Cancer of the brain and central nervous system (CNS) is the second most common of all pediatric cancers. Treatment of many of these cancers includes radiation therapy of which radiation induced cerebral necrosis (RICN) can be a severe and potentially devastating side effect. Risk factors for RICN include brain volume irradiated, the dose given per fraction and total dose. Thirteen pediatric patients were selected for this study to determine the difference in predicted risk of RICN when treating with volumetric modulated arc therapy (VMAT) compared to passively scattered proton therapy (PSPT) and intensity modulated proton therapy (IMPT). Plans were compared on the basis of dosimetric endpoints in the planned treatment volume (PTV) and brain and a radiobiological endpoint of RICN calculated using the Lyman-Kutcher-Burman probit model.
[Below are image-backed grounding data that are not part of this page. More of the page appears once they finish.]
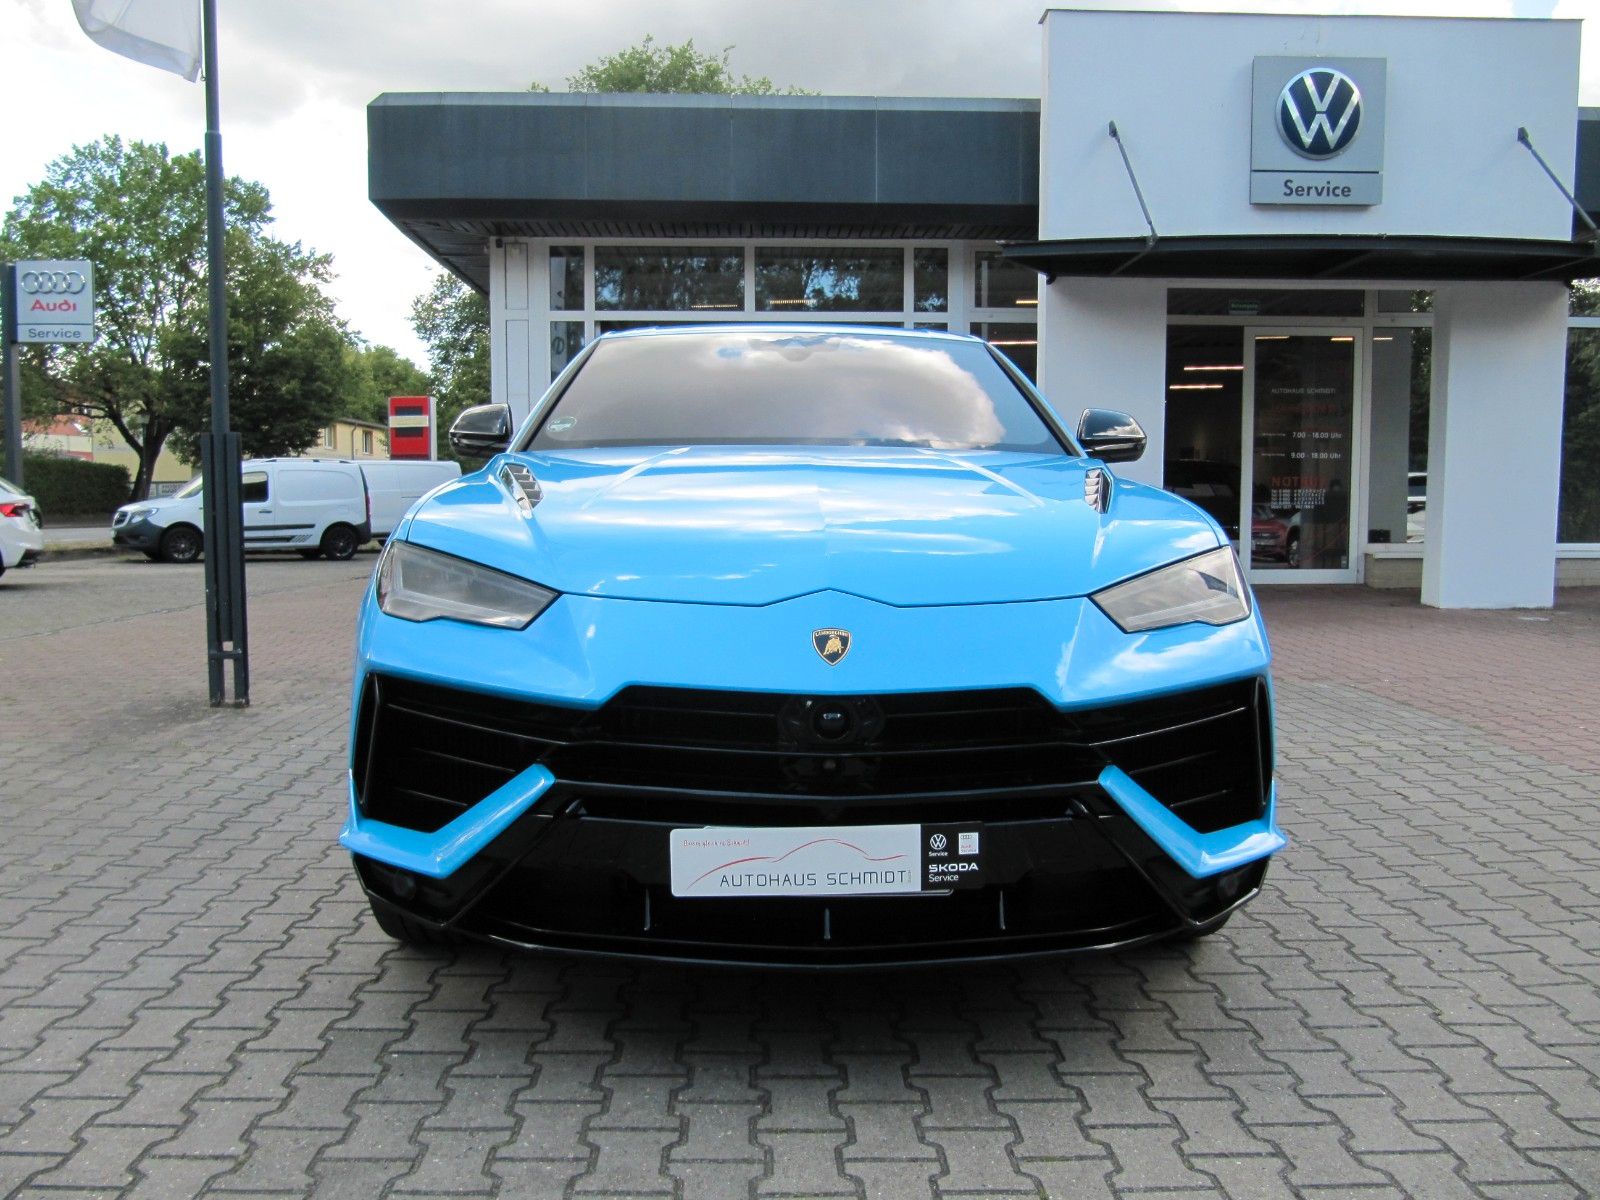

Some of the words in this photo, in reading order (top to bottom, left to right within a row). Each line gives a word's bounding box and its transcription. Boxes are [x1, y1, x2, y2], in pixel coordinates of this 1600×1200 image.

[1279, 69, 1362, 152] VW
[1283, 179, 1352, 197] Service
[31, 299, 77, 312] Audi
[28, 328, 81, 338] Service
[929, 833, 947, 850] VW
[720, 872, 817, 887] AUTOHAUS
[826, 870, 907, 886] SCHMIDT
[928, 873, 959, 882] Service
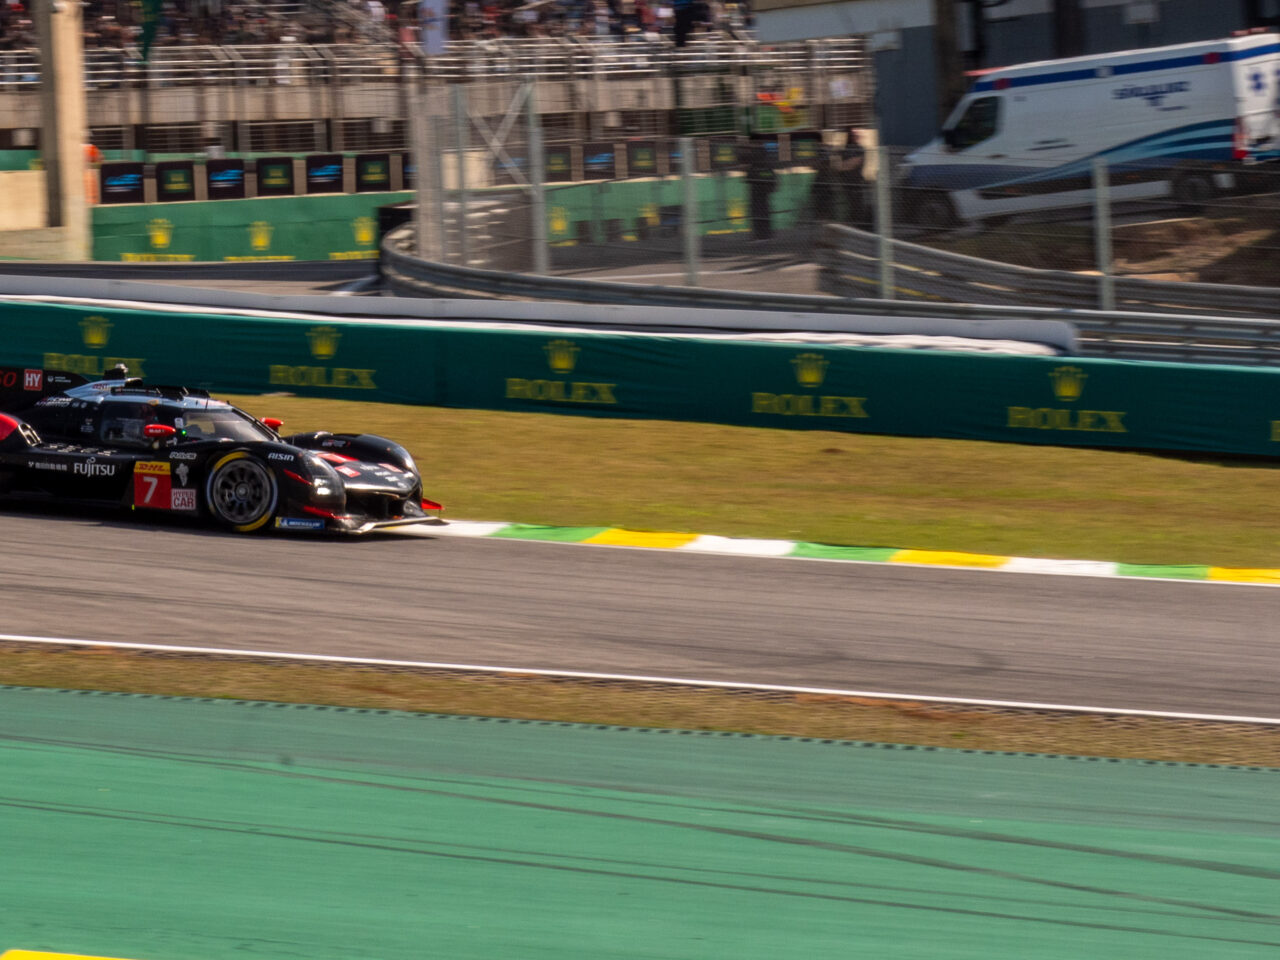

Uncertainty tests were performed to determine if the predicted risk of necrosis was sensitive to positional errors, proton range errors and selection of risk models. Both PSPT and IMPT plans resulted in a significant increase in the maximum dose to the brain, a significant reduction in the total brain volume irradiated to low doses, and a significant lower predicted risk of necrosis compared with the VMAT plans. The findings of this study were upheld by the uncertainty analysis.

Figure 1

Alternative risk models used to test the sensitivity of rNTCP to the shape of the model used. LNT is the linear no-threshold model, LT is the linear threshold model, LP(60) is the linear plateau model, and LQ is the linear quadratic model.

Figure 2

Patient 5 isodose distribution at isocenter CT slice location for (a) volumetric modulated arc therapy (VMAT), (b) passively scattered proton therapy (PSPT), and (c) intensity modulated proton therapy (IMPT).

Figure 3

The dose volume histograms (DVH) for patient 5. VMAT plans are represented with the solid lines, PSPT with the dotted lines and IMPT with the dash-dot lines. Different regions of interest are represented with different colored lines.

Figure 4

(a) The conformity of the dose to the PTV represented by the conformity index (CI) for VMAT, PSPT, and IMPT plans. (b) The homogeneity of the dose to the PTV represented by the homogeneity index (HI) for VMAT, PSPT, and IMPT plans.

Figure 5

The maximum dose to the brain for VMAT, PSPT, and IMPT plans.

Figure 6

(a) The ratio of risk (rNTCP) for PSPT plans compared to VMAT for all patients. (b) The ratio of risk (rNTCP) for IMPT plans compared to VMAT for all patients. The average value of rNTCP represented by the red circle with standard deviation error bar.

Figure 7

(a) The change in rNTCP with isocenter shifts and (b) with ±10% calibration curve errors for patient 5. (c) The change in rNTCP with isocenter shifts and (d) with ±10% calibration curve errors for patient 12.

Figure 8

The ratio of risk of necrosis for (a) PSPT plans and (b) IMPT plans compared to VMAT plans, calculated with baseline Lyman Kutcher Burman (LKB) model, the linear no threshold (LNT), linear threshold (LT), linear quadratic (LQ), and linear plateau (LP) models.